**Available data:**
# # # # #

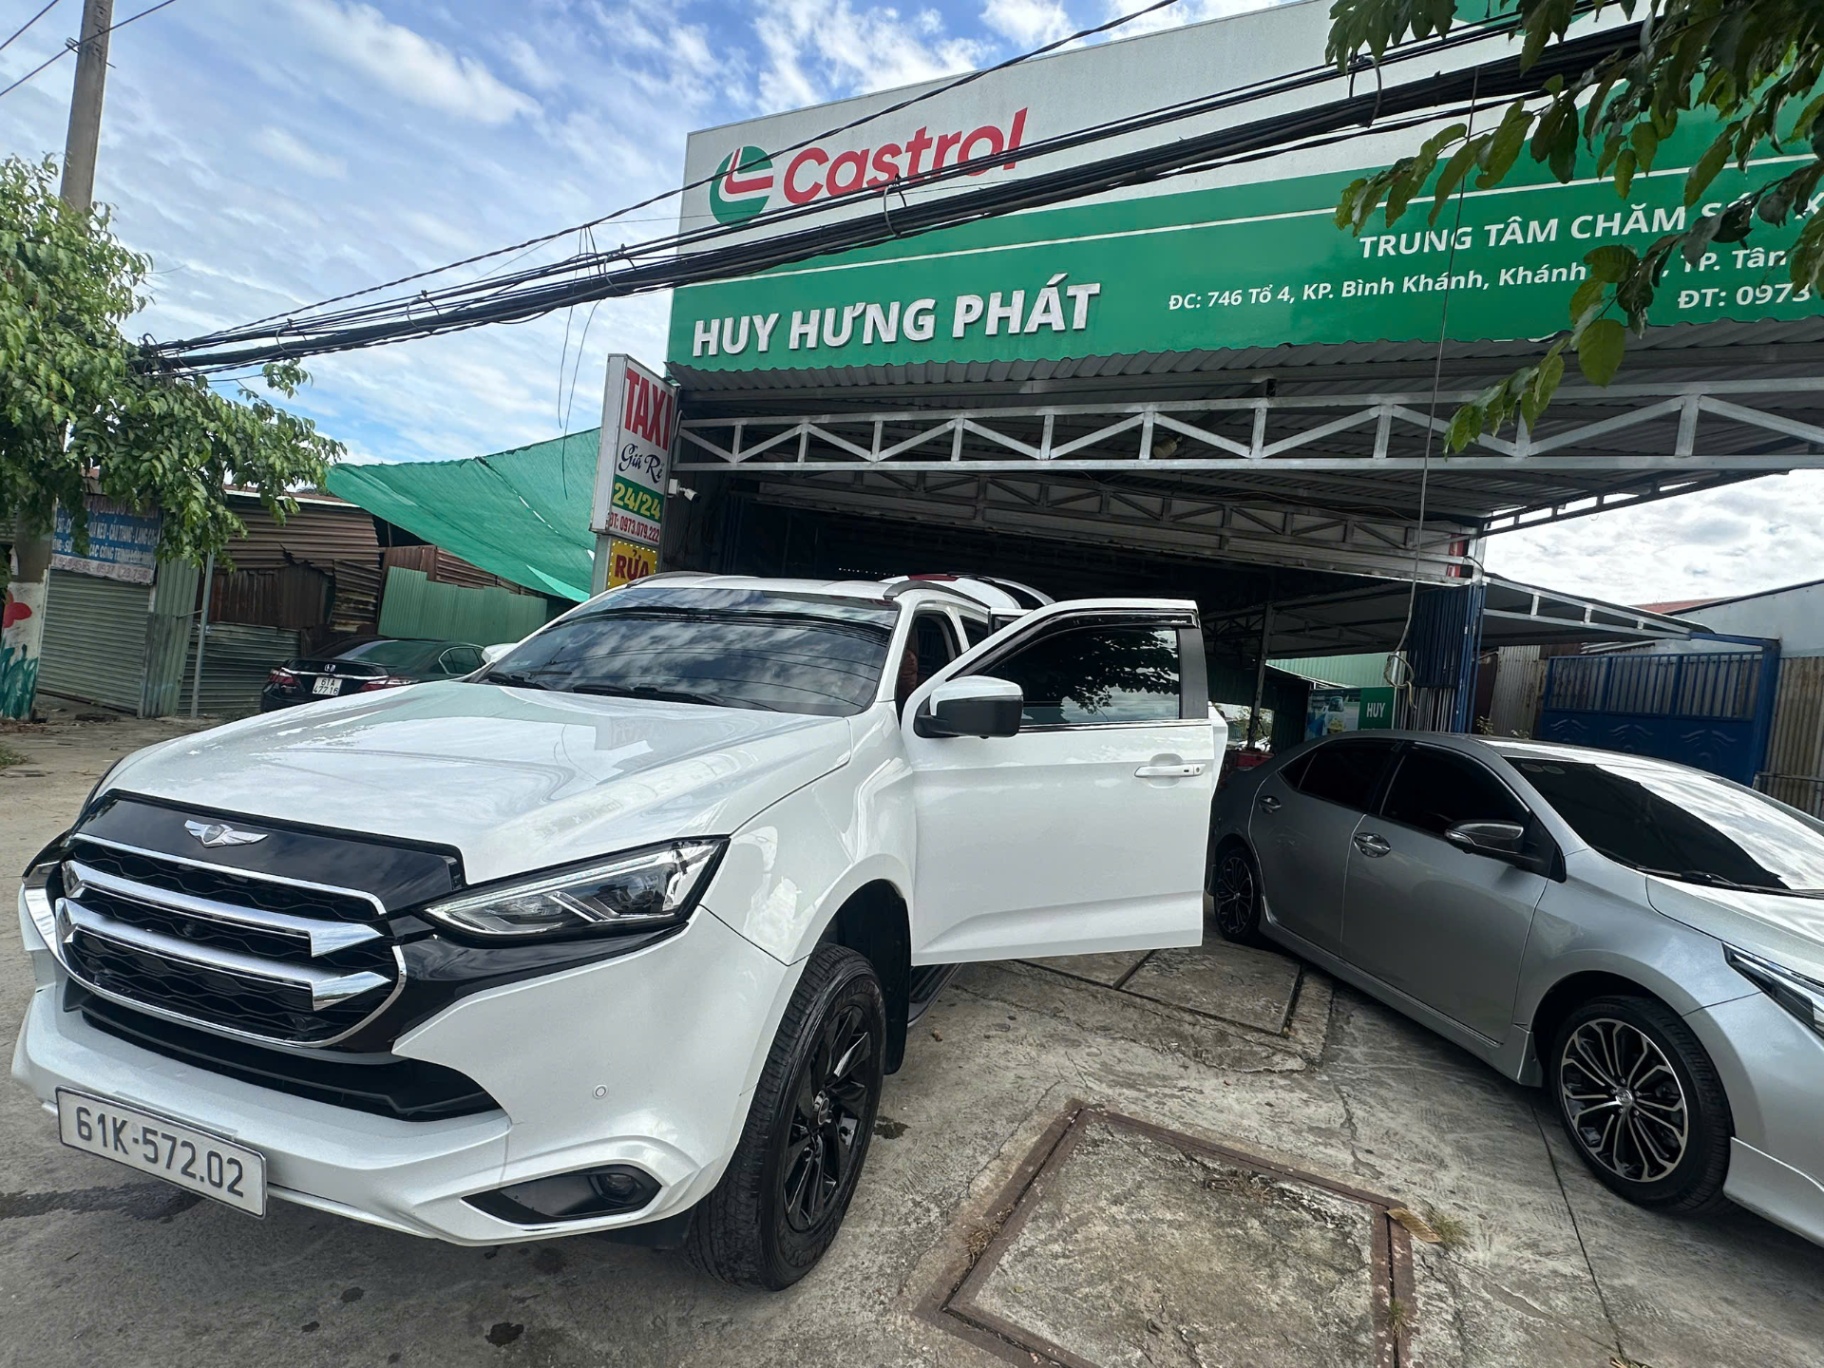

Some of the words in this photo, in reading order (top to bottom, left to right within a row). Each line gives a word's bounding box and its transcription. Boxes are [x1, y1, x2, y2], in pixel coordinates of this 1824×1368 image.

[784, 107, 1028, 204] Castrol
[1359, 226, 1473, 259] TRUNG
[1484, 215, 1558, 247] TÂM
[1571, 202, 1686, 239] CHĂM
[1168, 293, 1201, 310] ĐC:
[1207, 289, 1242, 307] 746
[1249, 284, 1273, 304] Tổ
[1277, 286, 1295, 304] 4,
[1302, 282, 1334, 300] KP.
[1341, 278, 1394, 297] Bình
[1402, 269, 1490, 293] Khánh,
[1498, 262, 1586, 286] Khánh
[1732, 247, 1787, 269] Tân
[692, 313, 779, 357] HUY
[788, 298, 936, 351] HƯNG
[952, 272, 1101, 338] PHÁT
[1677, 288, 1727, 309] ĐT:
[624, 367, 673, 452] TAXI
[618, 443, 643, 472] Giá
[612, 482, 661, 521] 24/24
[620, 516, 659, 543] 0973.079.222
[615, 549, 650, 581] RỬA
[321, 678, 335, 686] 61A
[1366, 702, 1386, 718] HUY
[76, 1106, 244, 1198] 61K-572.02
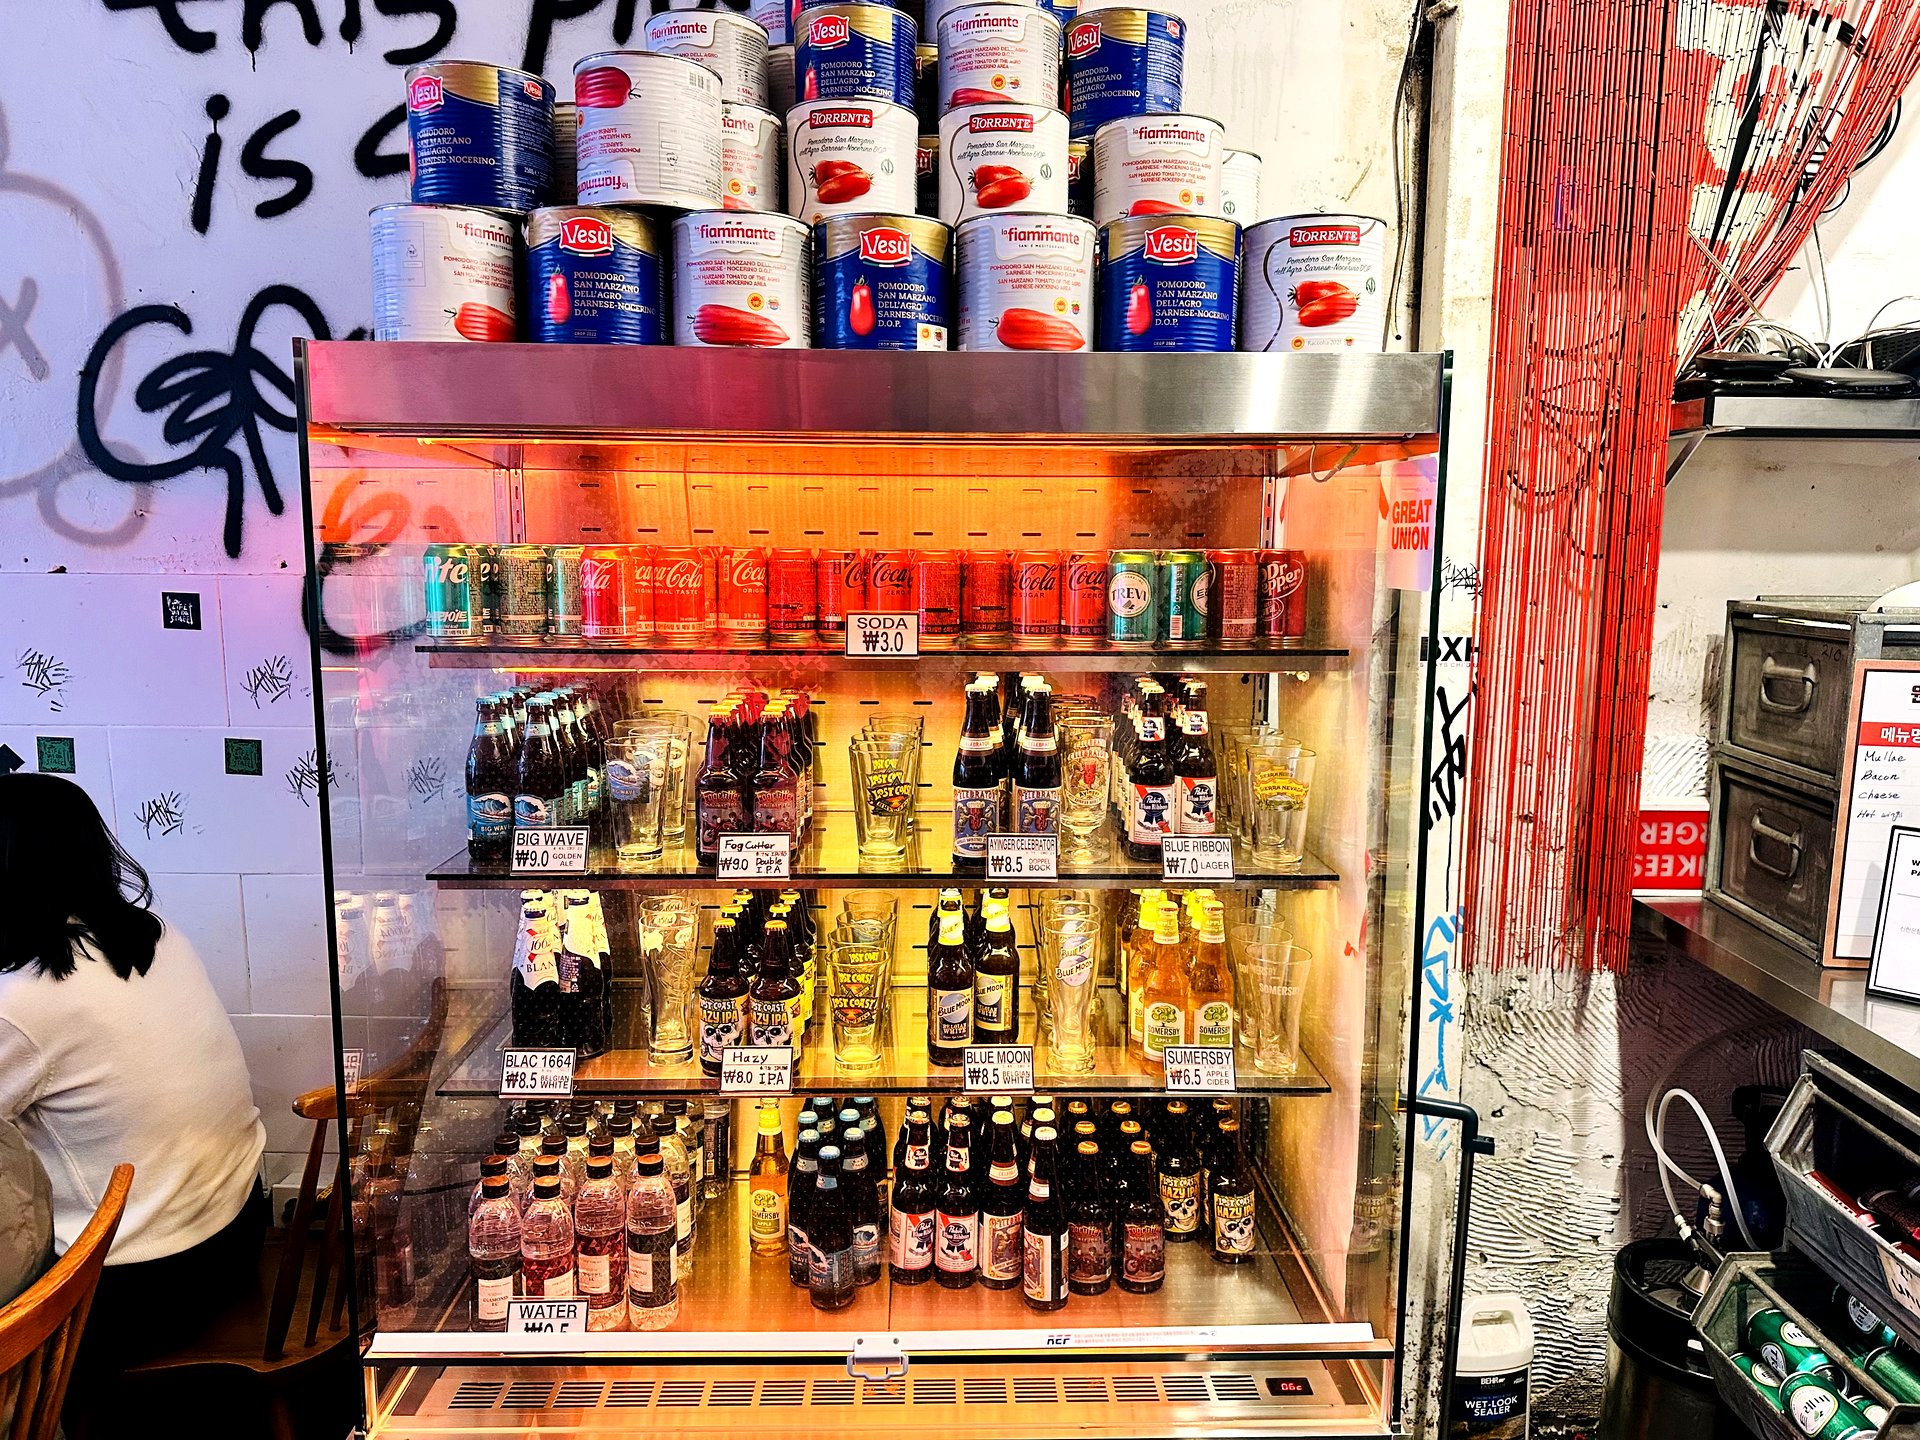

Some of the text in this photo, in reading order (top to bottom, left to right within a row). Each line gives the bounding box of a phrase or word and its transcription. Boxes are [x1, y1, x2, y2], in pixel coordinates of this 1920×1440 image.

[811, 20, 846, 41] Vesù
[955, 17, 1019, 33] fiammante
[1069, 27, 1098, 51] Vesù
[820, 61, 863, 70] POMODORO
[837, 70, 876, 78] MARZANO
[1073, 66, 1109, 80] POMODORO
[820, 78, 860, 86] DELL'AGRO
[1072, 74, 1122, 88] SAN MARZANO
[410, 82, 439, 106] Vesù
[1072, 84, 1106, 96] DELL'AGRO
[1138, 126, 1206, 143] fiammante
[190, 94, 314, 231] is
[1122, 159, 1151, 167] POMODORO
[562, 224, 609, 245] Vesù
[700, 224, 776, 241] fiammante
[1001, 227, 1080, 245] la fiammante
[1292, 229, 1358, 243] TORRENTE
[863, 234, 908, 255] Vesù
[1148, 233, 1193, 254] Vesù
[1286, 256, 1320, 265] Pomodoro
[1321, 254, 1334, 263] San
[990, 263, 1022, 271] POMODORO
[573, 271, 625, 282] POMODORO
[573, 281, 640, 294] SAN MARZANO
[877, 282, 926, 292] POMODORO
[1156, 280, 1206, 290] POMODORO
[574, 290, 622, 301] DELL'AGRO
[898, 292, 937, 304] MARZANO
[1156, 290, 1218, 301] SAN MARZANO
[574, 300, 656, 315] SARNESE-NOCERINO
[877, 301, 924, 311] DELL'AGRO
[1156, 299, 1202, 308] DELL'AGRO
[574, 308, 599, 317] D.O.P.
[1155, 308, 1230, 321] SARNESE-NOCERINO
[877, 320, 902, 328] D.O.P.
[1155, 318, 1179, 327] D.O.P.
[1392, 499, 1432, 525] GREAT
[1391, 526, 1430, 551] UNION
[1266, 563, 1288, 580] Dr
[1111, 587, 1147, 603] TREVI
[856, 617, 908, 630] SODA
[862, 630, 904, 652] ₩3.0
[516, 833, 584, 846] BIG WAVE
[724, 839, 776, 852] Fog Cutter
[989, 838, 1055, 851] AYINGER CELEBRATOR
[1164, 840, 1230, 853] BLUE RIBBON
[514, 849, 549, 867] ₩9.0
[552, 852, 583, 860] GOLDEN
[755, 857, 783, 866] Double
[990, 855, 1023, 872] ₩8.5
[1166, 856, 1199, 874] ₩7.0
[1200, 861, 1230, 870] LAGER
[1075, 960, 1094, 974] MOON
[986, 983, 1004, 993] MOON
[713, 1000, 736, 1010] COAST
[763, 1001, 785, 1011] COAST
[721, 1010, 739, 1024] IPA
[771, 1012, 789, 1025] IPA
[505, 1054, 572, 1068] BLAC 1664
[732, 1051, 769, 1065] Hazy
[966, 1050, 1031, 1064] BLUE MOON
[1167, 1050, 1231, 1065] SUMERSBY
[504, 1070, 538, 1089] ₩8.5
[540, 1074, 570, 1082] BELGIAN
[723, 1069, 753, 1085] ₩8.0
[967, 1067, 1000, 1085] ₩8.5
[1169, 1067, 1202, 1085] ₩6.5
[1205, 1070, 1230, 1078] APPLE
[540, 1080, 569, 1089] WHITE
[1002, 1077, 1031, 1085] WHITE
[1206, 1078, 1230, 1086] CIDER
[1161, 1187, 1185, 1198] HAZY
[1217, 1205, 1242, 1218] HAZY
[519, 1304, 578, 1319] WATER
[1480, 1376, 1500, 1385] BEHR
[1464, 1395, 1518, 1409] WET-LOOK
[1473, 1405, 1511, 1417] SEALER

# # # # #

**Exercise brief:**
Copy out the records exactly; the pictures stay behind.

**The completed task:**
Some of the words in this photo, in reading order (top to bottom, left to right within a row). Each line gives a word's bounding box and its transcription. Boxes are [x1, y1, x2, y2], in pixel coordinates of this 1824×1368 image.

[784, 107, 1028, 204] Castrol
[1359, 226, 1473, 259] TRUNG
[1484, 215, 1558, 247] TÂM
[1571, 202, 1686, 239] CHĂM
[1168, 293, 1201, 310] ĐC:
[1207, 289, 1242, 307] 746
[1249, 284, 1273, 304] Tổ
[1277, 286, 1295, 304] 4,
[1302, 282, 1334, 300] KP.
[1341, 278, 1394, 297] Bình
[1402, 269, 1490, 293] Khánh,
[1498, 262, 1586, 286] Khánh
[1732, 247, 1787, 269] Tân
[692, 313, 779, 357] HUY
[788, 298, 936, 351] HƯNG
[952, 272, 1101, 338] PHÁT
[1677, 288, 1727, 309] ĐT:
[624, 367, 673, 452] TAXI
[618, 443, 643, 472] Giá
[612, 482, 661, 521] 24/24
[620, 516, 659, 543] 0973.079.222
[615, 549, 650, 581] RỬA
[321, 678, 335, 686] 61A
[1366, 702, 1386, 718] HUY
[76, 1106, 244, 1198] 61K-572.02

Some of the text in this photo, in reading order (top to bottom, left to right within a row). Each line gives the bounding box of a phrase or word and its transcription. Boxes are [x1, y1, x2, y2], in pixel coordinates of this 1920×1440 image.

[811, 20, 846, 41] Vesù
[955, 17, 1019, 33] fiammante
[1069, 27, 1098, 51] Vesù
[820, 61, 863, 70] POMODORO
[837, 70, 876, 78] MARZANO
[1073, 66, 1109, 80] POMODORO
[820, 78, 860, 86] DELL'AGRO
[1072, 74, 1122, 88] SAN MARZANO
[410, 82, 439, 106] Vesù
[1072, 84, 1106, 96] DELL'AGRO
[1138, 126, 1206, 143] fiammante
[190, 94, 314, 231] is
[1122, 159, 1151, 167] POMODORO
[562, 224, 609, 245] Vesù
[700, 224, 776, 241] fiammante
[1001, 227, 1080, 245] la fiammante
[1292, 229, 1358, 243] TORRENTE
[863, 234, 908, 255] Vesù
[1148, 233, 1193, 254] Vesù
[1286, 256, 1320, 265] Pomodoro
[1321, 254, 1334, 263] San
[990, 263, 1022, 271] POMODORO
[573, 271, 625, 282] POMODORO
[573, 281, 640, 294] SAN MARZANO
[877, 282, 926, 292] POMODORO
[1156, 280, 1206, 290] POMODORO
[574, 290, 622, 301] DELL'AGRO
[898, 292, 937, 304] MARZANO
[1156, 290, 1218, 301] SAN MARZANO
[574, 300, 656, 315] SARNESE-NOCERINO
[877, 301, 924, 311] DELL'AGRO
[1156, 299, 1202, 308] DELL'AGRO
[574, 308, 599, 317] D.O.P.
[1155, 308, 1230, 321] SARNESE-NOCERINO
[877, 320, 902, 328] D.O.P.
[1155, 318, 1179, 327] D.O.P.
[1392, 499, 1432, 525] GREAT
[1391, 526, 1430, 551] UNION
[1266, 563, 1288, 580] Dr
[1111, 587, 1147, 603] TREVI
[856, 617, 908, 630] SODA
[862, 630, 904, 652] ₩3.0
[516, 833, 584, 846] BIG WAVE
[724, 839, 776, 852] Fog Cutter
[989, 838, 1055, 851] AYINGER CELEBRATOR
[1164, 840, 1230, 853] BLUE RIBBON
[514, 849, 549, 867] ₩9.0
[552, 852, 583, 860] GOLDEN
[755, 857, 783, 866] Double
[990, 855, 1023, 872] ₩8.5
[1166, 856, 1199, 874] ₩7.0
[1200, 861, 1230, 870] LAGER
[1075, 960, 1094, 974] MOON
[986, 983, 1004, 993] MOON
[713, 1000, 736, 1010] COAST
[763, 1001, 785, 1011] COAST
[721, 1010, 739, 1024] IPA
[771, 1012, 789, 1025] IPA
[505, 1054, 572, 1068] BLAC 1664
[732, 1051, 769, 1065] Hazy
[966, 1050, 1031, 1064] BLUE MOON
[1167, 1050, 1231, 1065] SUMERSBY
[504, 1070, 538, 1089] ₩8.5
[540, 1074, 570, 1082] BELGIAN
[723, 1069, 753, 1085] ₩8.0
[967, 1067, 1000, 1085] ₩8.5
[1169, 1067, 1202, 1085] ₩6.5
[1205, 1070, 1230, 1078] APPLE
[540, 1080, 569, 1089] WHITE
[1002, 1077, 1031, 1085] WHITE
[1206, 1078, 1230, 1086] CIDER
[1161, 1187, 1185, 1198] HAZY
[1217, 1205, 1242, 1218] HAZY
[519, 1304, 578, 1319] WATER
[1480, 1376, 1500, 1385] BEHR
[1464, 1395, 1518, 1409] WET-LOOK
[1473, 1405, 1511, 1417] SEALER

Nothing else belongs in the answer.